REQUIRED ACTION:
Starting at the line that holds "this 1856×1856 image.", set down each line through the end of the listing, exactly as written and with nothing added.
Start of INPUT DATA
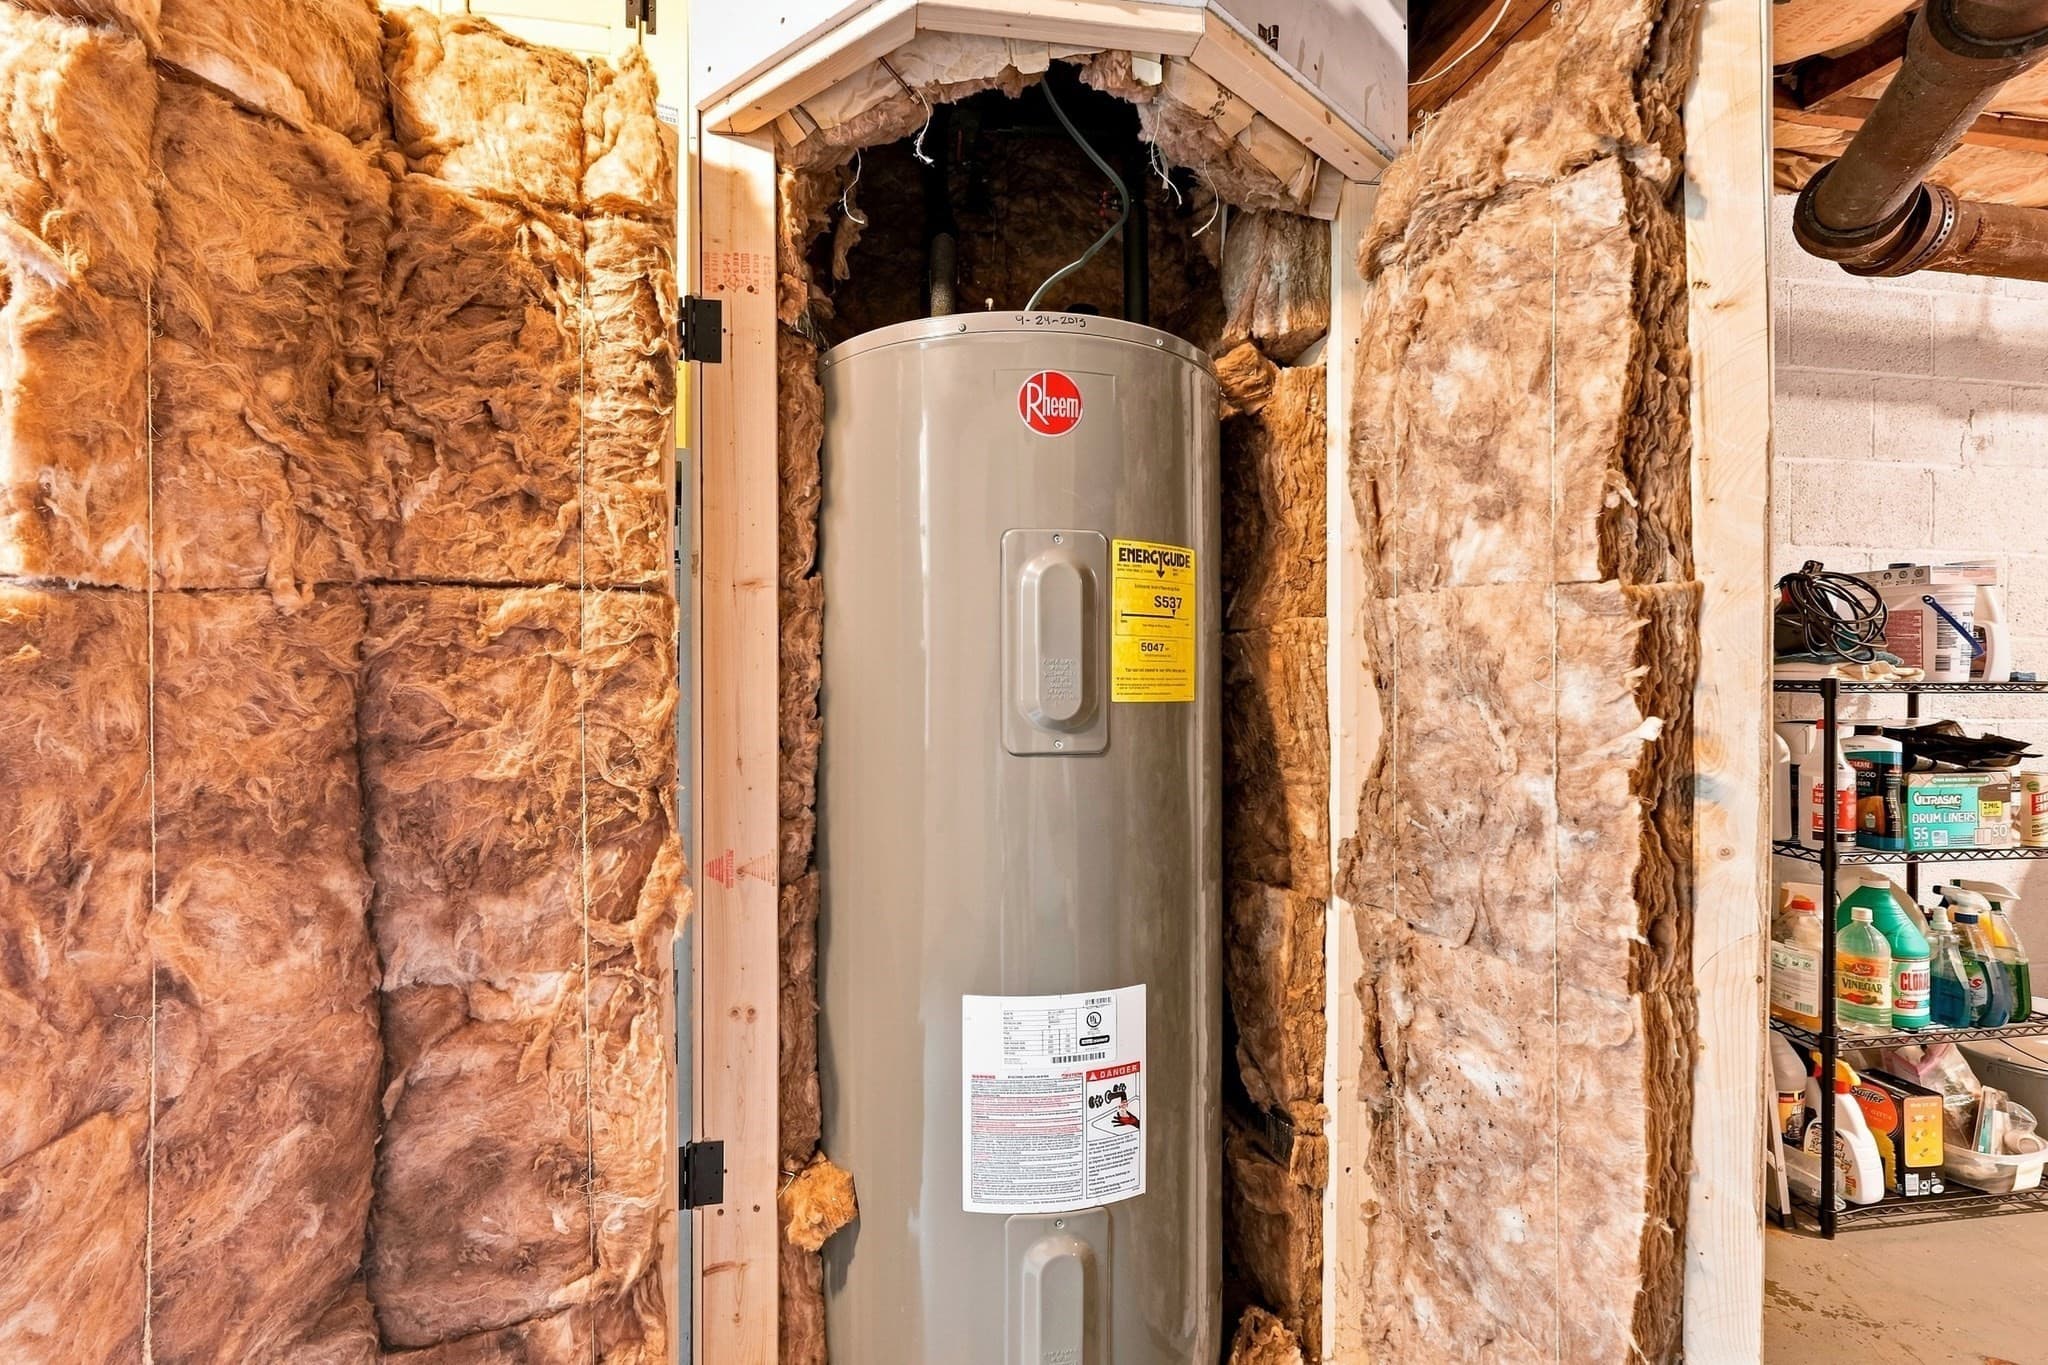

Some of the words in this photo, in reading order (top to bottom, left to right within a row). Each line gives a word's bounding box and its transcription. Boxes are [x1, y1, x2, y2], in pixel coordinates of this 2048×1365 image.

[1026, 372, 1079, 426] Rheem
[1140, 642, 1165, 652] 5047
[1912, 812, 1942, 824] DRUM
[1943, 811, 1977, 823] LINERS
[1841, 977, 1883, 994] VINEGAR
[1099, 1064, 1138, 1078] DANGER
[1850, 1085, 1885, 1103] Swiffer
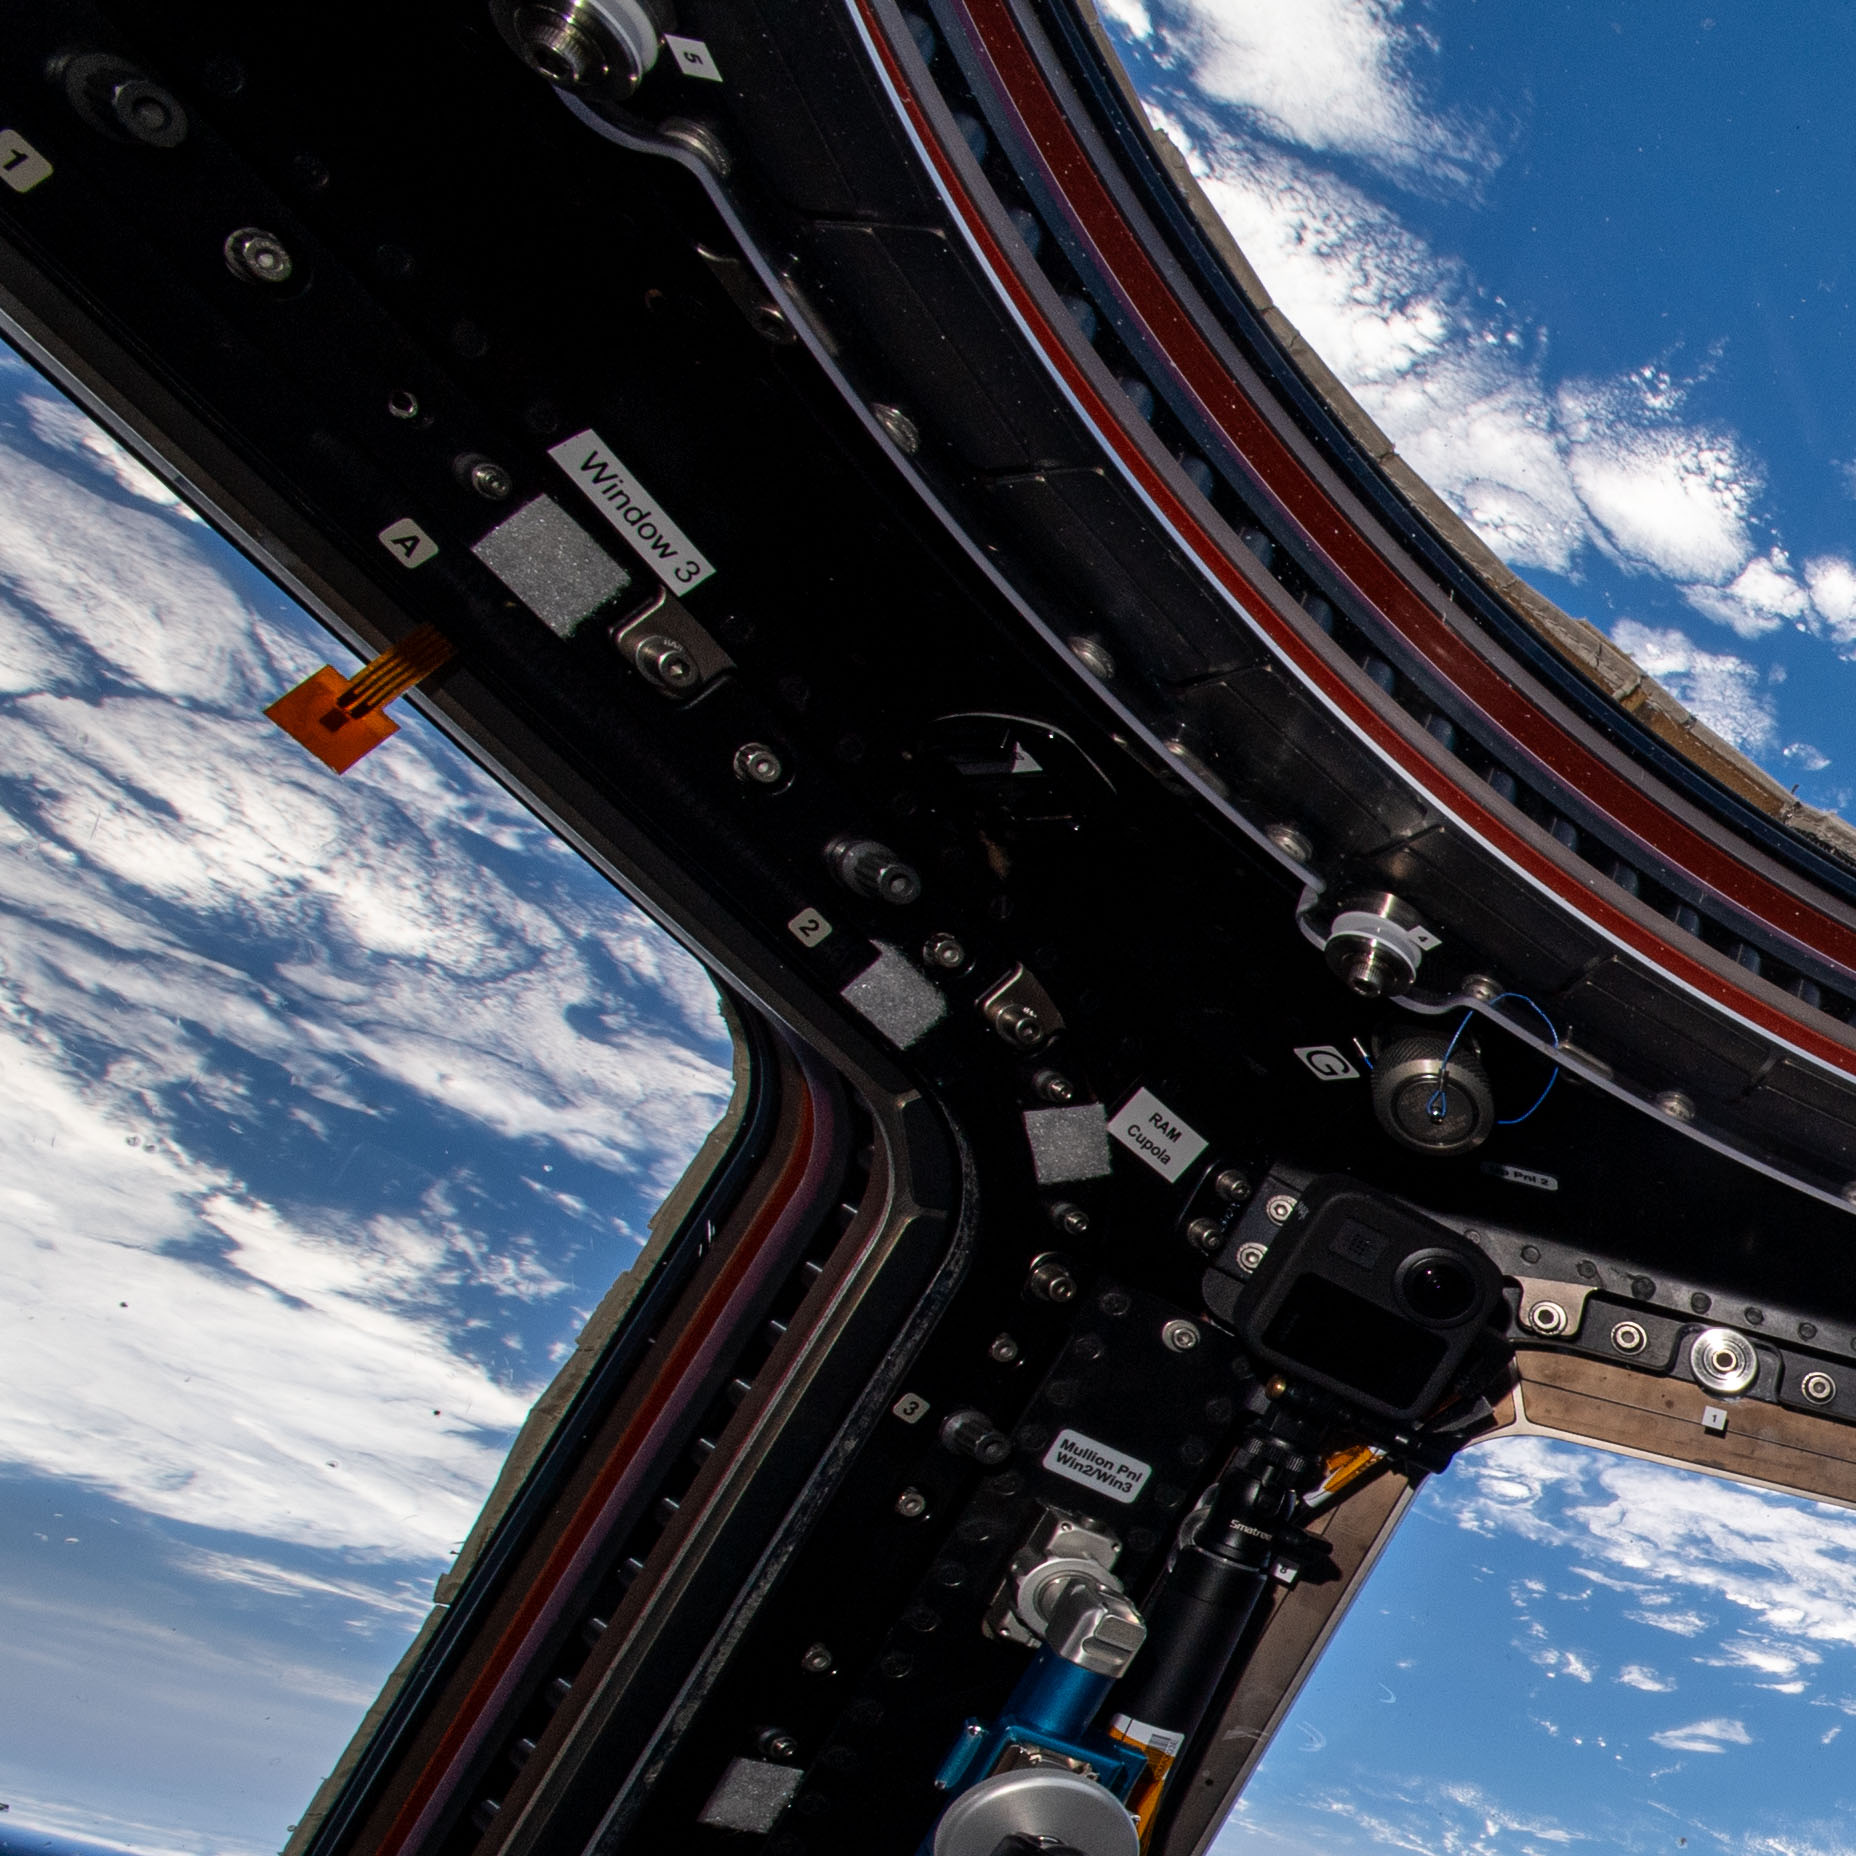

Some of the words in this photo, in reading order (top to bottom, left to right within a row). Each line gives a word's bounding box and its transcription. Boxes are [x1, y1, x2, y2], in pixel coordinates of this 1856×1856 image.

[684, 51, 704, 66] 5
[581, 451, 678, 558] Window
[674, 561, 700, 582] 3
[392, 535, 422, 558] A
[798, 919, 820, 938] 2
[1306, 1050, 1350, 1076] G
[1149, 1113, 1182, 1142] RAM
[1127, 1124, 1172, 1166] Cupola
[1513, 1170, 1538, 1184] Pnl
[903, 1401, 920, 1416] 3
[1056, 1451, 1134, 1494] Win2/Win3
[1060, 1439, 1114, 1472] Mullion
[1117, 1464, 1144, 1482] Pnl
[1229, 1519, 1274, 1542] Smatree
End of INPUT DATA
ANSWER FOR THIS EXERCISE:
Some of the words in this photo, in reading order (top to bottom, left to right within a row). Each line gives a word's bounding box and its transcription. Boxes are [x1, y1, x2, y2], in pixel coordinates of this 1856×1856 image.

[684, 51, 704, 66] 5
[581, 451, 678, 558] Window
[674, 561, 700, 582] 3
[392, 535, 422, 558] A
[798, 919, 820, 938] 2
[1306, 1050, 1350, 1076] G
[1149, 1113, 1182, 1142] RAM
[1127, 1124, 1172, 1166] Cupola
[1513, 1170, 1538, 1184] Pnl
[903, 1401, 920, 1416] 3
[1056, 1451, 1134, 1494] Win2/Win3
[1060, 1439, 1114, 1472] Mullion
[1117, 1464, 1144, 1482] Pnl
[1229, 1519, 1274, 1542] Smatree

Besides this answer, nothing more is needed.